Running stories

A new book out called ‘Running Stories’ tells the tales of those who run – why they do it and what role it plays in their lives. 100% of the revenue from sales is being donated to The Running Charity, who use running to improve the lives of homeless young people in the UK.

I’ve you’ve ever thought about taking up running and just want that little extra push, buy this book. It’s full of very relatable tales from normal people. ‘Normal’ as in busy people, depressed people, overweight people and older people, not the Olympian gods you think of when you think ‘runner’.

The book is very well edited, with the stories kept short and snappy, organised in sections so you can easily gravitate to those which most resonate with you most, and it provides also the bare essentials of tips on how to get started.

Three of the running stories are from people who live in Chiswick.

Images above: Beccy Lockspeiser

Beccy Lockspeiser – cigarettes and running really don’t go together

Beccy Lockspeiser started running because her flat mate suggested they run the London marathon. She was 26 and smoking 20 cigarettes a day.

“Running made it easy for me to give up cigarettes, as they really don’t go together.”

She also thinks Marathon training helped prepare her for childbirth:

“The build-up and preparation. A certain amount of pain. And a great elation and joy at the finish!”

Images above: Running Stories; Stacey Tasker

Stacey Tasker  – great way of making friends

Stacey Tasker went along to a Parkrun with her daughter.

“I only wanted to run once a week, not far, and lacked a competitive streak.

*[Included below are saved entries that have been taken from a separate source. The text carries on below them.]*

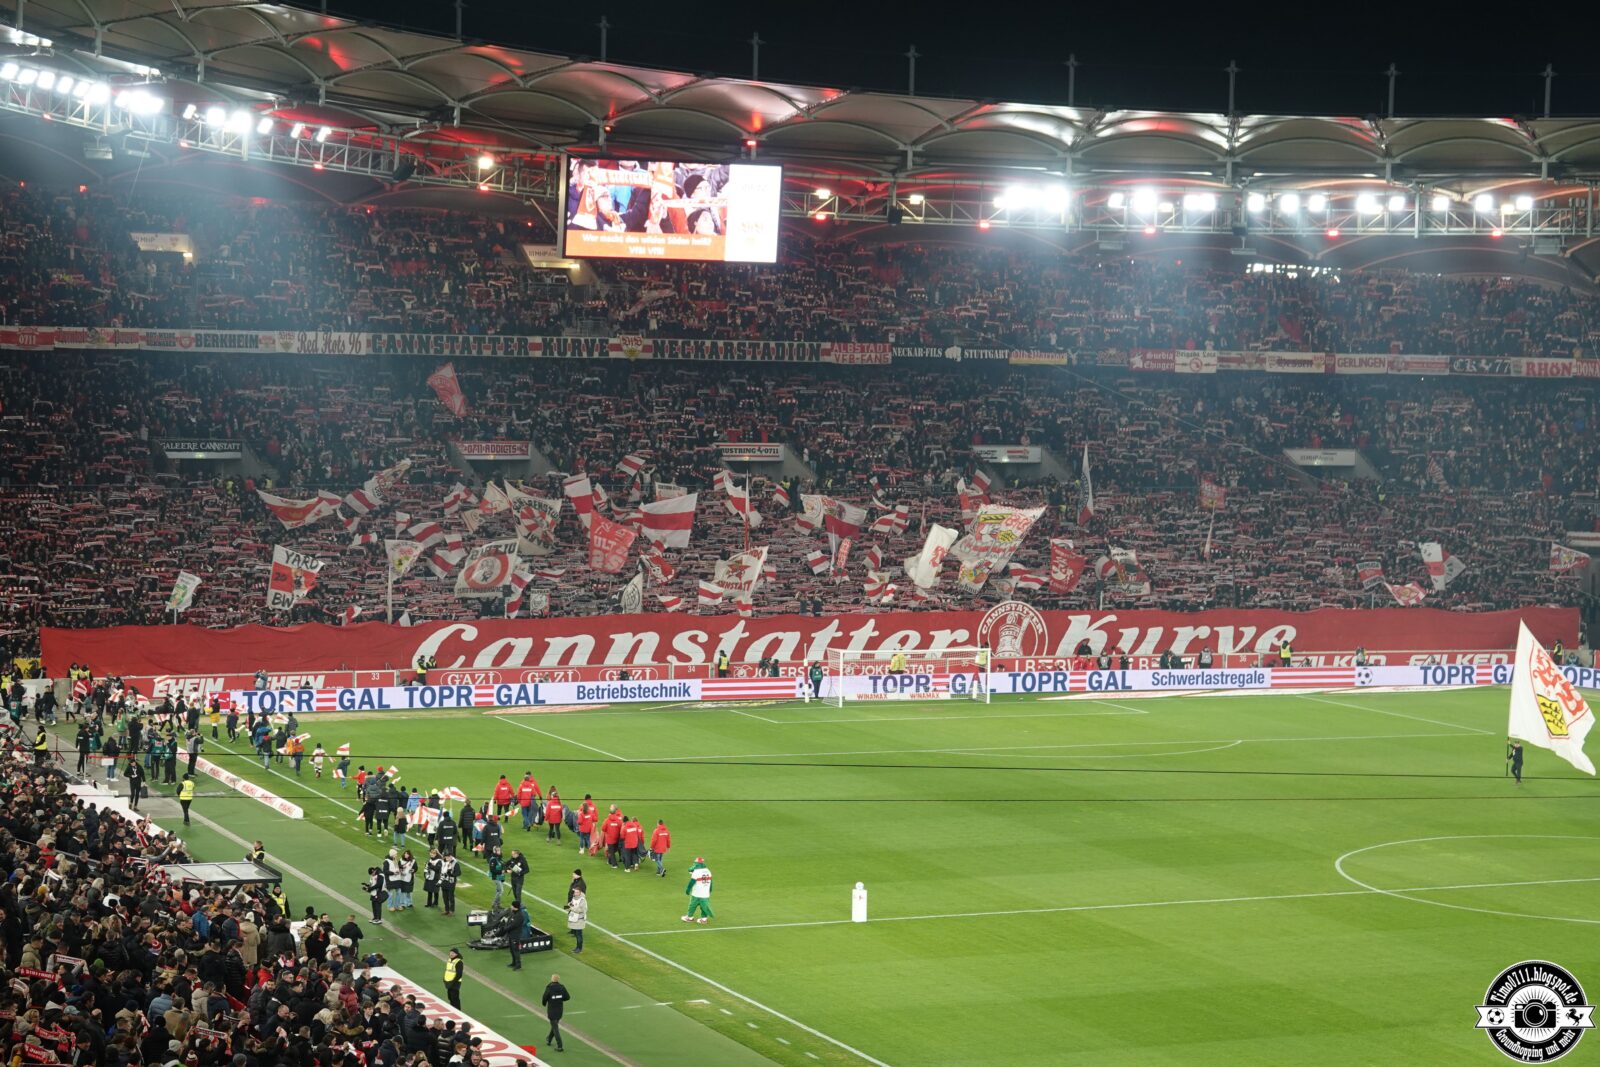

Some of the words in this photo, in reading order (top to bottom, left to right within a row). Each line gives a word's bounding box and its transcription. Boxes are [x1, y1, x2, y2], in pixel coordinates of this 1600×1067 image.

[18, 335, 37, 345] 0711
[195, 333, 259, 348] BERKHEIM
[297, 331, 318, 353] Red
[371, 334, 529, 355] CANNSTATTER
[541, 337, 610, 358] KURVE
[832, 342, 891, 353] ALBSTADT
[652, 339, 822, 362] NECKARSTADION
[834, 353, 891, 364] VFB-FANS
[892, 346, 943, 357] NECKAR-FILS
[963, 349, 1009, 359] STUTTGART
[1337, 357, 1386, 368] GERLINGEN
[200, 442, 240, 450] CANNSTATT
[284, 550, 320, 570] YARD
[981, 603, 1044, 635] CANNSTATTER
[411, 618, 969, 671] Cannstatter
[1055, 614, 1297, 656] Kurve
[371, 672, 380, 681] 33
[687, 665, 696, 673] 34
[1008, 671, 1133, 692] TOPREGAL
[1151, 670, 1265, 688] Schwerlastregale
[404, 683, 546, 708] TOPREGAL
[576, 682, 691, 701] Betriebstechnik
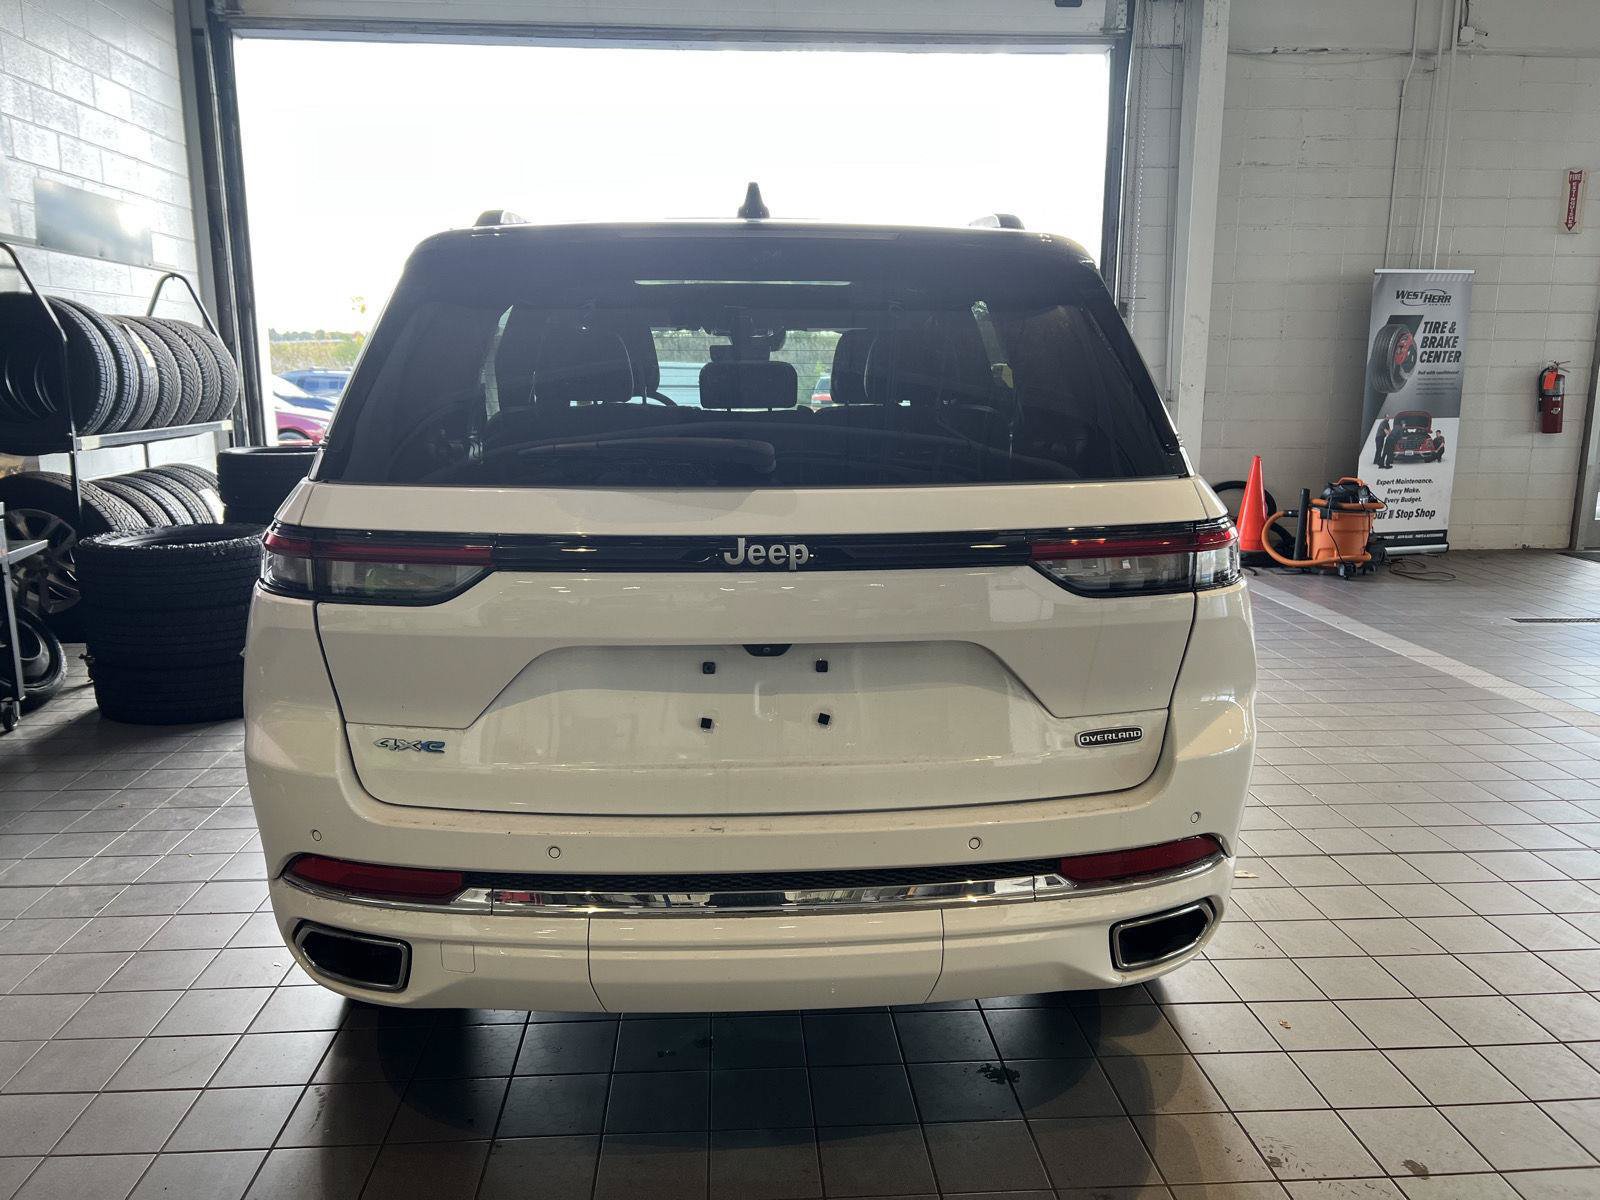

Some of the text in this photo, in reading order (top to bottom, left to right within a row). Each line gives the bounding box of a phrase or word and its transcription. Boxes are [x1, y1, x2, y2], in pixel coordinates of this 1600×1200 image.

[1570, 173, 1581, 181] FIRE
[1568, 182, 1576, 227] EXTINGUISHER
[1396, 290, 1452, 303] WEST HERR
[1422, 321, 1457, 334] TIRE &
[1420, 336, 1459, 348] BRAKE
[1420, 350, 1462, 363] CENTER
[1376, 478, 1395, 486] Expert
[1395, 509, 1414, 520] Stop
[1415, 508, 1436, 519] Shop
[724, 537, 809, 570] Jeep
[1081, 731, 1140, 742] OVERLAND

It was at a low time in my life as I’d just moved to London and had few friends.”

For her, the friendships which evolved on those weekly runs are as important, if not more so, than the running itself, especially as she says fellow runners came to her rescue when she caught Covid last year.

“Who would have thought that running would prove to be such a vital bridge in my life, especially as I’m always whinging as I run along, no matter how short the distance.”

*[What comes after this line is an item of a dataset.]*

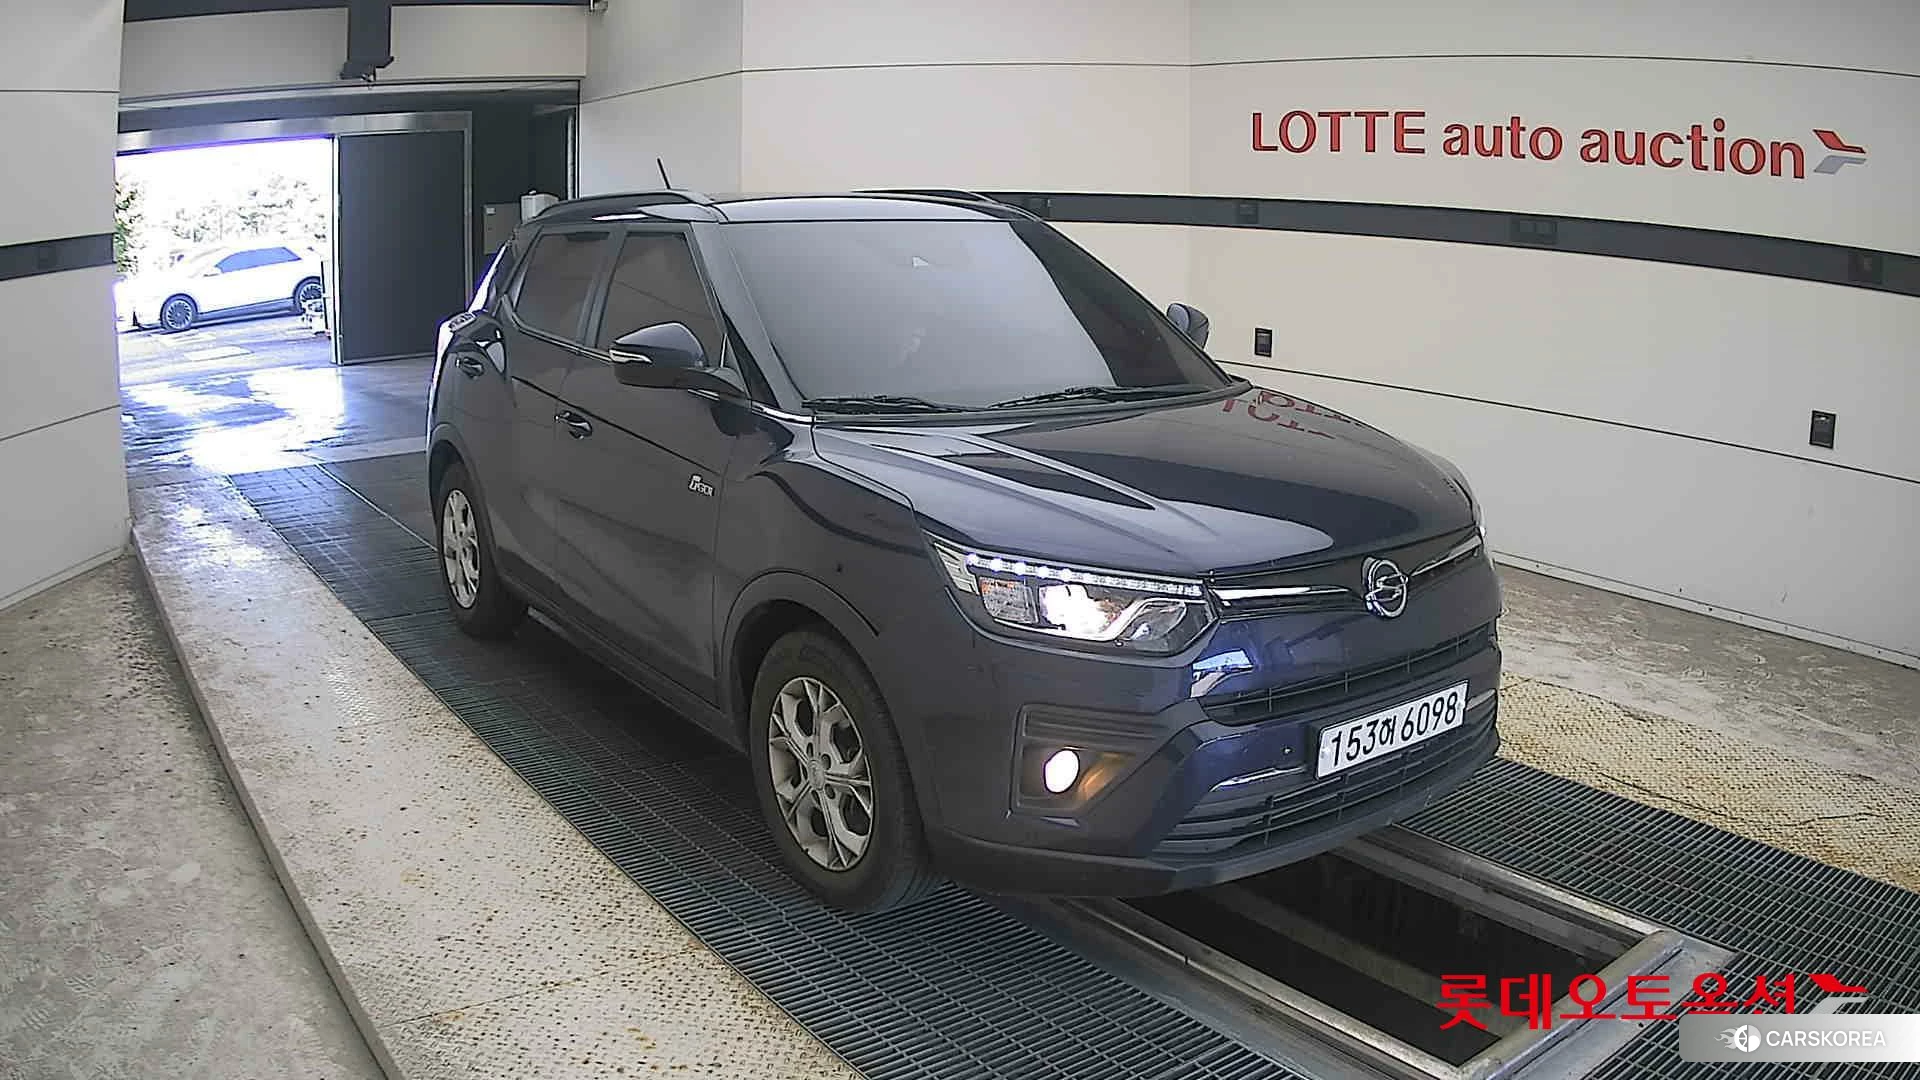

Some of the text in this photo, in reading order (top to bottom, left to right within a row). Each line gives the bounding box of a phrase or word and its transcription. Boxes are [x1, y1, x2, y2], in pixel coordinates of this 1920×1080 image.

[1251, 110, 1806, 180] LOTTE auto auction

Images above: Camilla Langlands and Jacquie Millet, Ultra marathon runners

Jacquie Millet – everyone is capable of so much more than they imagine

Unlike Stacey, Jacquie Millet is definitely competitive. She and her daughter Camilla have earned a Guinness World Record for the most marathons run together by a parent and child – more than 200 of them in ten years. Their lives are now dominated by travelling the world to take part.

In 2020 they were set to run marathons in Boston, London, Chicago and New York. They were due to take part in the Two Oceans in Cape Town. As experienced runners they were booked to set the pace for other runners at races in Limassol, Liverpool and Milton Keynes and they were going to compete in their favourite of all races, the Comrades Marathon in Durban.

Instead of which they found themselves running around Richmond Park on their own.

Image above: Jacquie and Camilla in Richmond Park

While definitely in the Olympian goddess category now, Jacquie only started running at the age of 57, relatively late in life, like so many others in this book, because she’d had a health scare and wanted to get fit.

“One of the things we love most of all” she says, “is when people tell us how much we’ve inspired them – to try running, to enter a particular race, or just to push themselves that little bit further.

“We truly believe that everyone is capable of so much more than they imagine”.

Images above: Seyfu Jamaal, celebrating winning the London Landmarks Half Marathon

Seyfu Jamaal – a lifeline

That is one of the recurring themes of the book – people being agreeably surprised to find they are describing themselves as a runner, when they never in their wildest dreams imagined they could be. That and the other strong themes of comradeship and freedom – how running together creates bonds and builds friendships as people support each other through tough times and have a laugh together. And how very liberating running is, both mentally and physically.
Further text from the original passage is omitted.